なぜか他人よりもソフトクリームが上手に作れる。他の人は形が崩れたり、量も多すぎたり少なすぎたりしているのに、私は形も規定量も一発で決まり、失敗がほとんどない。ほかにもチラシを封筒に封入するという作業も誰よりも速く、あっという間に終わる。
「他人よりもうまくできる」という比較を通じて、自分が器用だと認識したわけです。
ただし私の場合、それが何か職業選択につながるかというと、それだけではなかなか難しいものがあります。
というのも、肉体労働系ではどうしても自分の時間の切り売りになりやすいし、芸術作品を作れるほどのレベルでなければ、時間単価も頭打ちになりますから。

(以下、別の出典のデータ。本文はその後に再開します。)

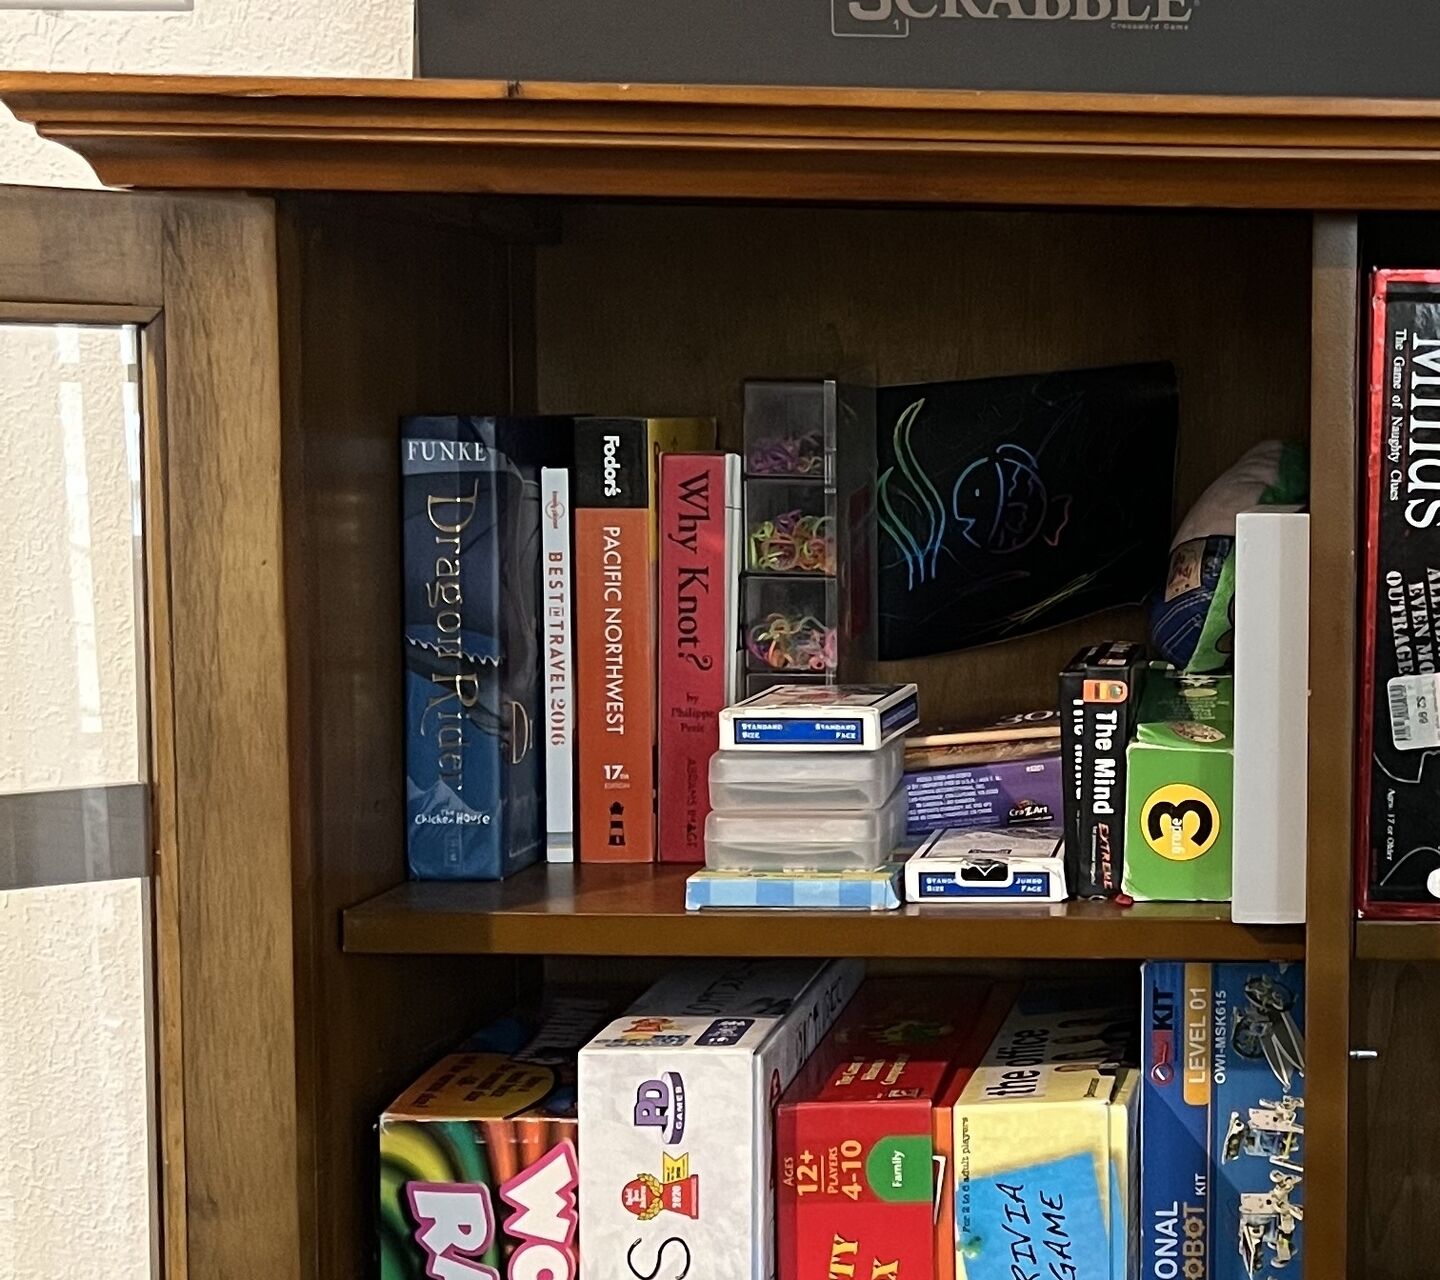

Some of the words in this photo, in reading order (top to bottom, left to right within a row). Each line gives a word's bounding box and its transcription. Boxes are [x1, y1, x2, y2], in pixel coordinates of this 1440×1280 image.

[408, 439, 487, 462] FUNKE
[603, 435, 622, 497] Fodor's
[668, 471, 711, 555] Why
[426, 478, 480, 658] Dragon
[548, 552, 564, 607] BEST
[603, 526, 622, 602] PACIFIC
[677, 566, 713, 671] Knot?
[549, 620, 566, 693] TRAVEL
[604, 608, 624, 735] NORTHWEST
[420, 673, 480, 791] Rider
[550, 698, 567, 746] 2016
[1095, 710, 1117, 751] The
[1093, 758, 1116, 815] Mind
[1148, 799, 1213, 847] 3
[1098, 822, 1113, 889] EXTREME
[1153, 986, 1174, 1031] KIT
[1189, 988, 1206, 1010] 01
[1189, 1016, 1206, 1084] LEVEL
[1214, 989, 1227, 1085] OWI-MSK615
[783, 1157, 794, 1187] AGES
[797, 1150, 818, 1196] 12+
[827, 1146, 838, 1194] PLAYERS
[841, 1140, 862, 1200] 4-10
[891, 1150, 905, 1188] Family
[1195, 1173, 1206, 1196] KIT

たとえば「倉庫内軽作業」といった仕事では、私は圧倒的な生産性を発揮することができるんじゃないかと思ったりするのですが、すぐに飽きそうですし。
その後、コンビニではマーケティングの部署に異動になりましたが、提案する施策は当たったこともあれば外れたこともあり、得意とまでは言い切れない。
外資戦略コンサルに転職した後も、「論理的思考力」という点では成長したものの、上には上がいて、とても太刀打ちできないハイレベルな人たちばかりですから、やはり確固たる自信にまではなっていない。
そして現在、このように書く仕事をしていて、継続的に依頼をいただけるようになってようやく「書くことは得意なんだろうな」という認識に至ったわけで、それまでは「ただ売れている著者」だから声がかかっているだけだろう、という程度でした。
しかし、売れても売れなくても執筆の依頼をいただけるということは、私の文章力や構成・表現力を買われているんだろうと自覚しています。もう著者としては15年目で、気づくのが遅すぎかもしれませんが。
何が言いたいかというと、得意なことというのは、それだけ自覚・認識するのが難しいのだということです。
自分で思っていても、相対的なものだから比較対象のレベルによっても違うし、周囲がそれを高く評価するのか、あるいはそれほど評価しないのかによっても違う(男女共学だとさほどモテないけれど、女子ばかりのクラスに男子数名だと、そこそこモテるようなものです)。
だから、まずはとりあえずやってみて、それなりのレベルに到達し、周囲と比較する・周囲からの評価を受け止めるという段階を踏む必要がある。
自分の得意なことが「どこかにある」のではなく、「やってみて」周囲との比較や周囲からの評価を受けながら、得意か不得意かを「自覚する」ということだと思います。